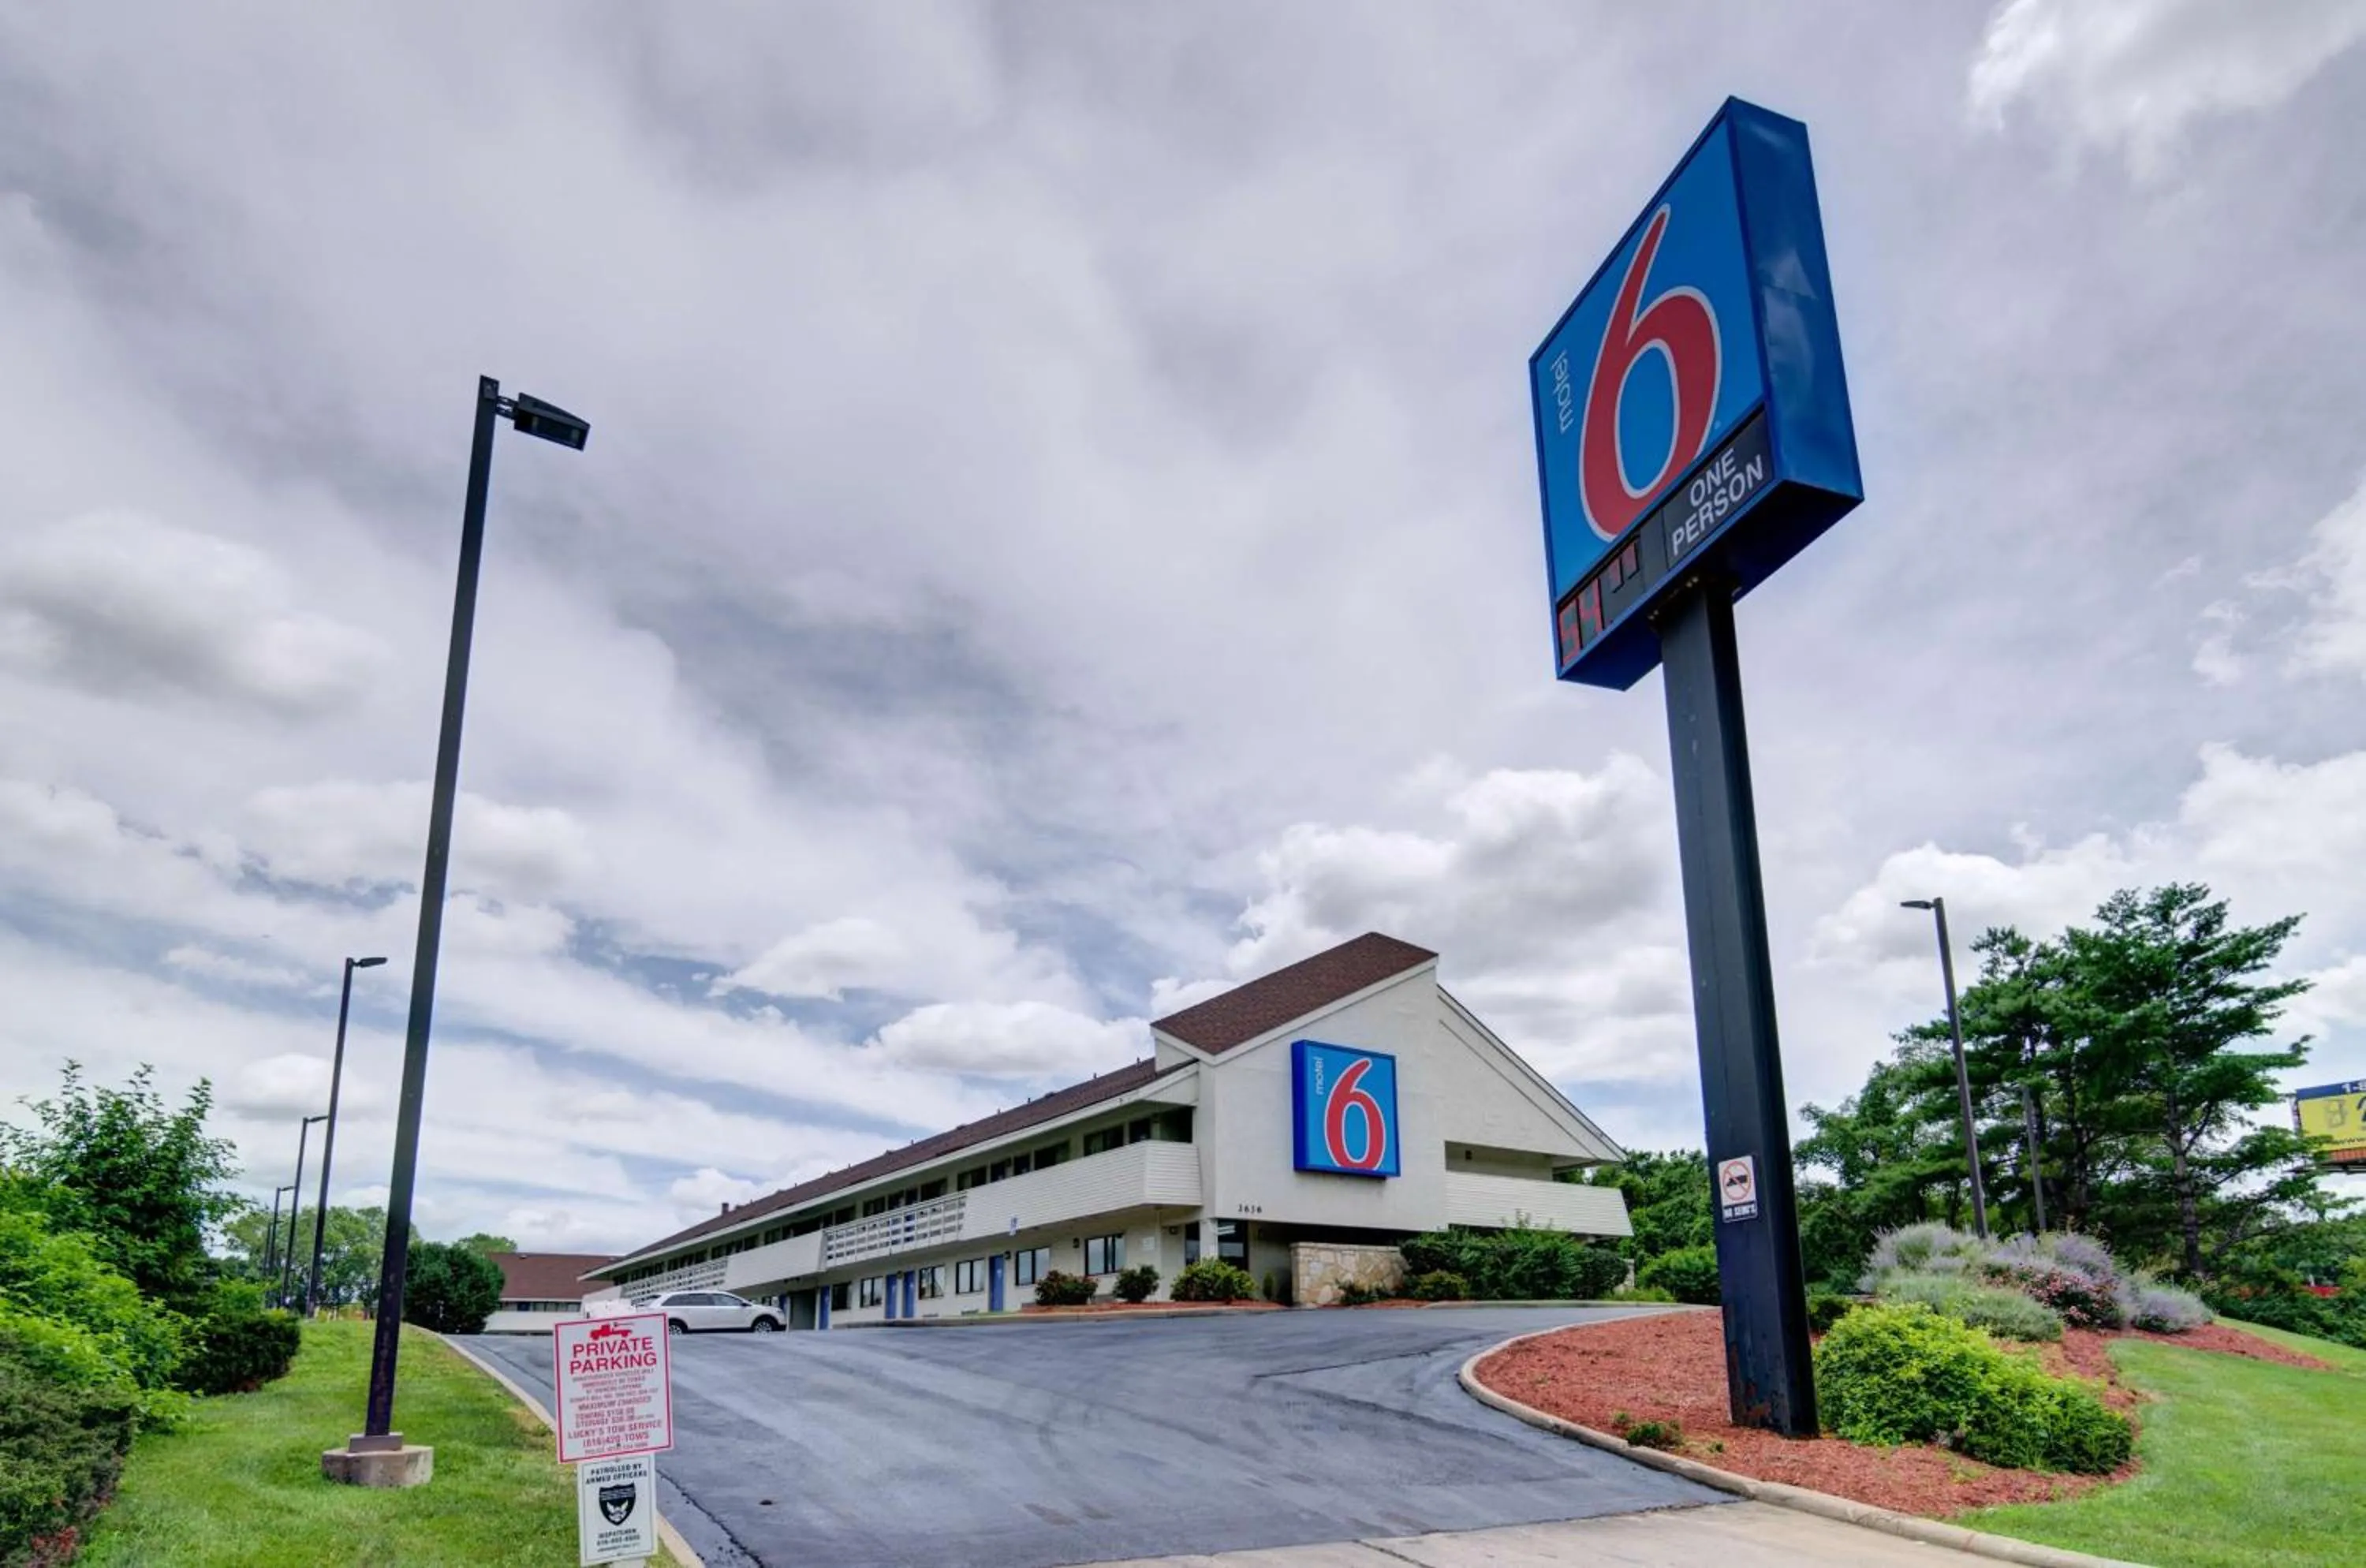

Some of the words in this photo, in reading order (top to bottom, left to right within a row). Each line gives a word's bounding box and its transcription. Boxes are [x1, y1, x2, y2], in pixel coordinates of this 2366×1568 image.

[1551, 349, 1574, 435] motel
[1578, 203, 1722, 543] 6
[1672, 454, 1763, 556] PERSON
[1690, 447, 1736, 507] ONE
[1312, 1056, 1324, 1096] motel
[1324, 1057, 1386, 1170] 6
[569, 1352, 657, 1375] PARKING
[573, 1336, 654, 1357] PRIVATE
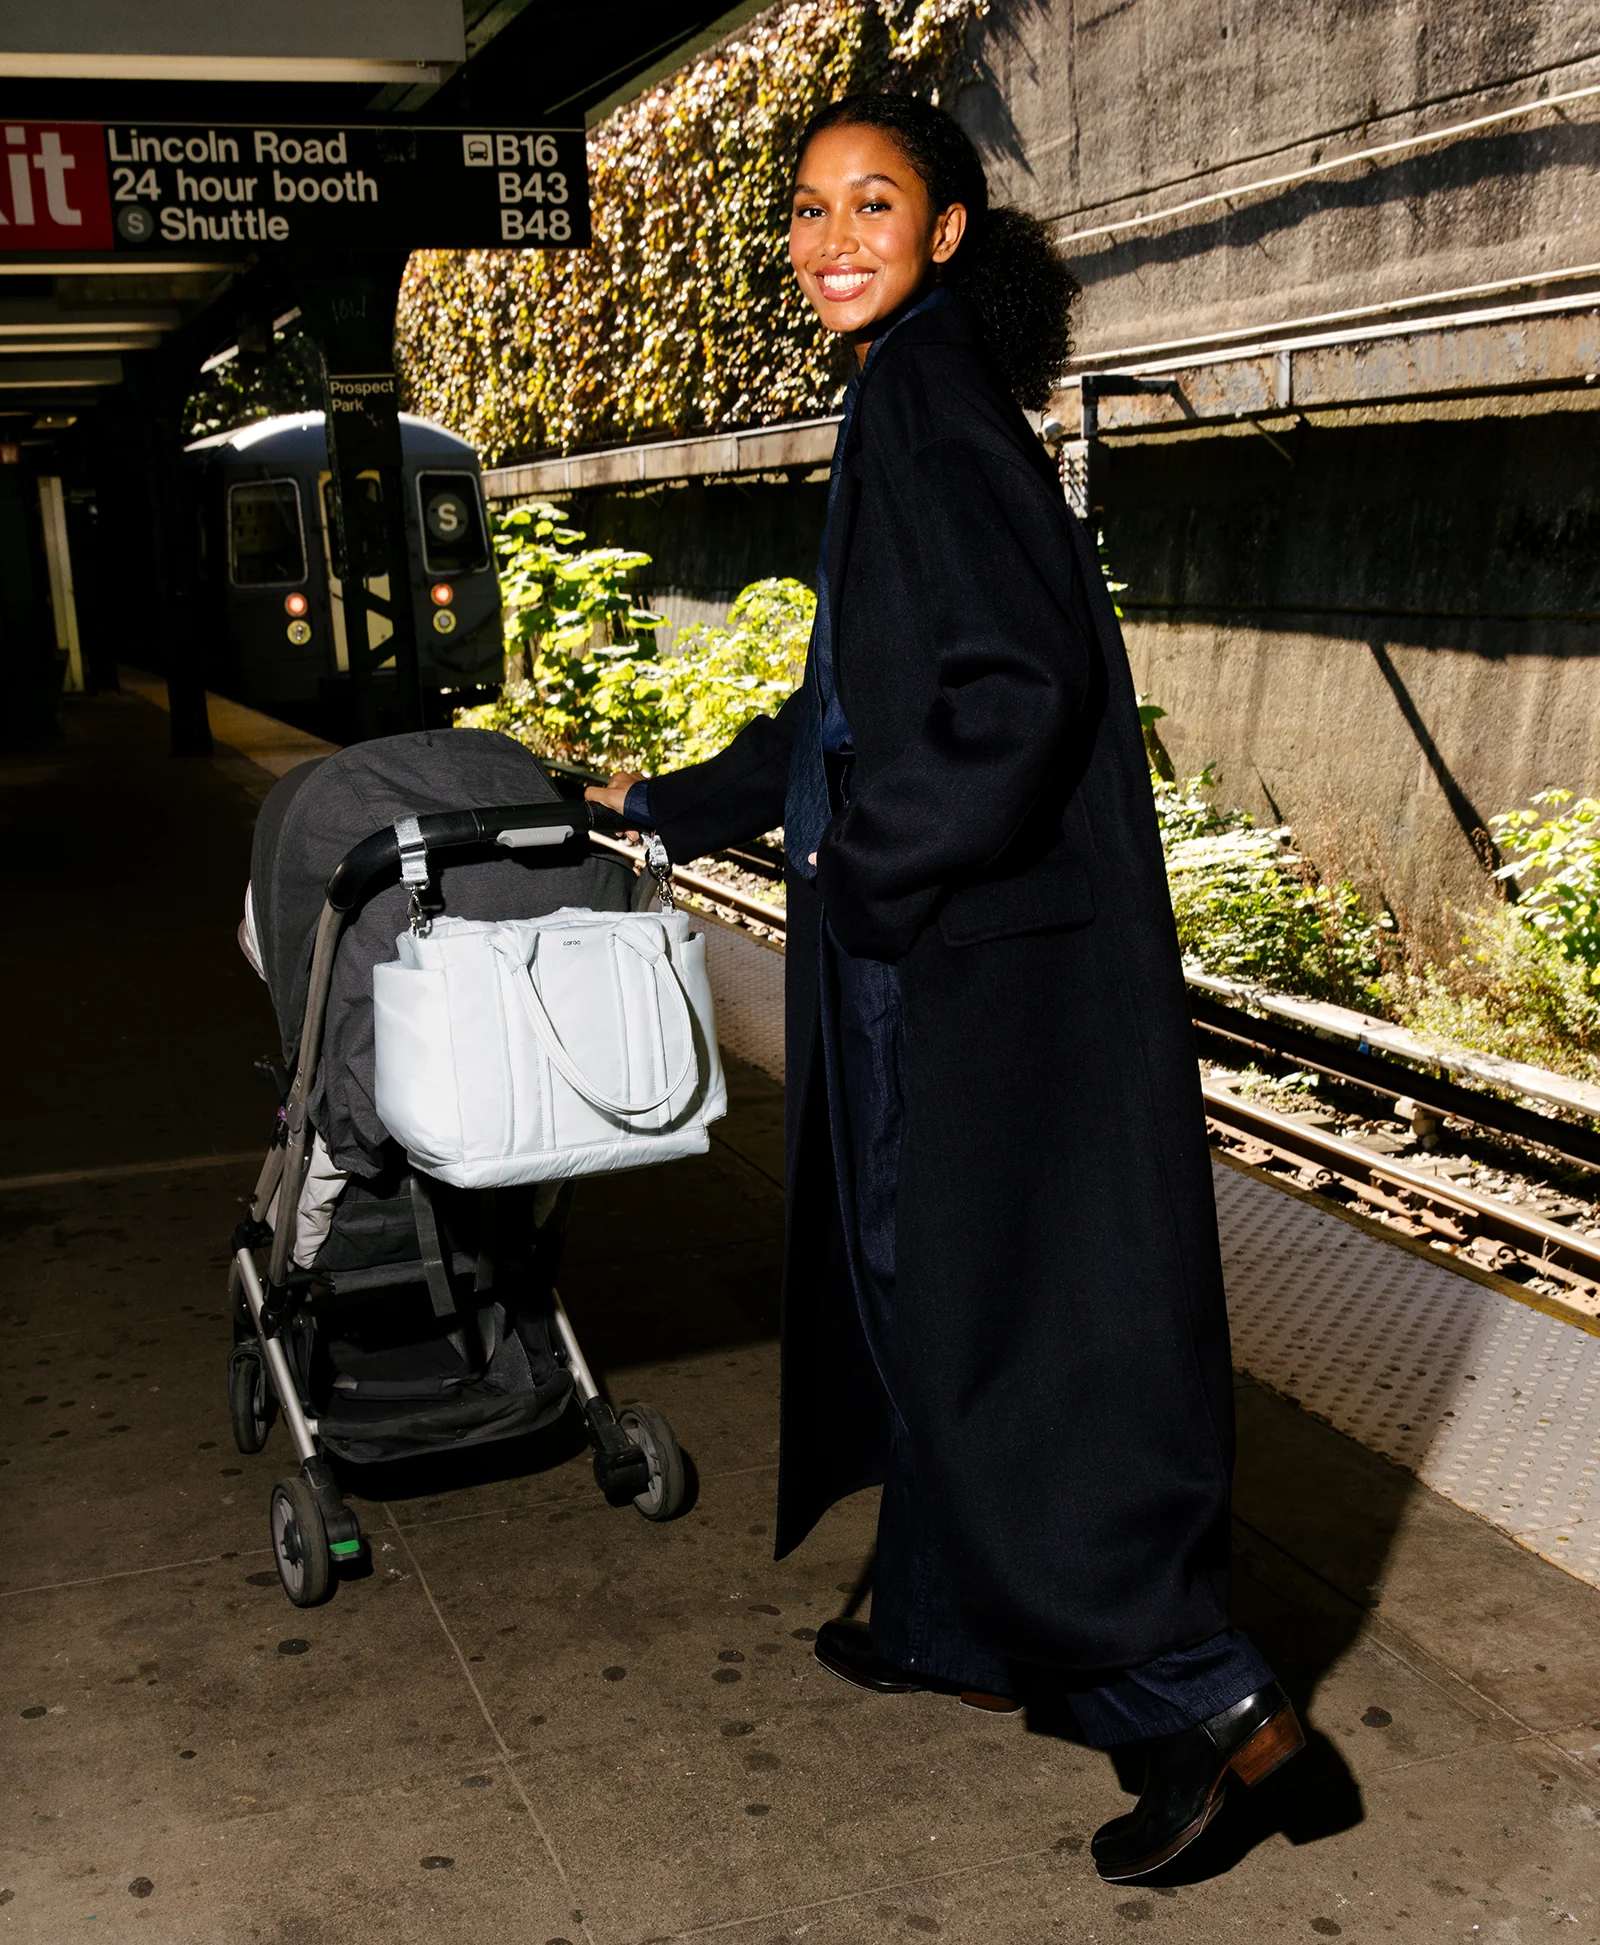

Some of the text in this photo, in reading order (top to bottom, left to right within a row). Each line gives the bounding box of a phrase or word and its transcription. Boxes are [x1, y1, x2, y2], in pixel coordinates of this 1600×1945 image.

#####

PROBLEM REQUIREMENTS> Restate the listing above word for word. Leave the images out.

OUTPUT>
Some of the words in this photo, in reading order (top to bottom, left to right within a row). Each line gives a word's bounding box and its transcription. Boxes are [x1, y1, x2, y2], in pixel coordinates of this 2366×1568 image.

[1551, 349, 1574, 435] motel
[1578, 203, 1722, 543] 6
[1672, 454, 1763, 556] PERSON
[1690, 447, 1736, 507] ONE
[1312, 1056, 1324, 1096] motel
[1324, 1057, 1386, 1170] 6
[569, 1352, 657, 1375] PARKING
[573, 1336, 654, 1357] PRIVATE

Some of the text in this photo, in reading order (top to bottom, left to right within a row). Each line gives the bounding box of a phrase or word and its transcription. Boxes are [x1, y1, x2, y2], in pixel coordinates of this 1600×1945 image.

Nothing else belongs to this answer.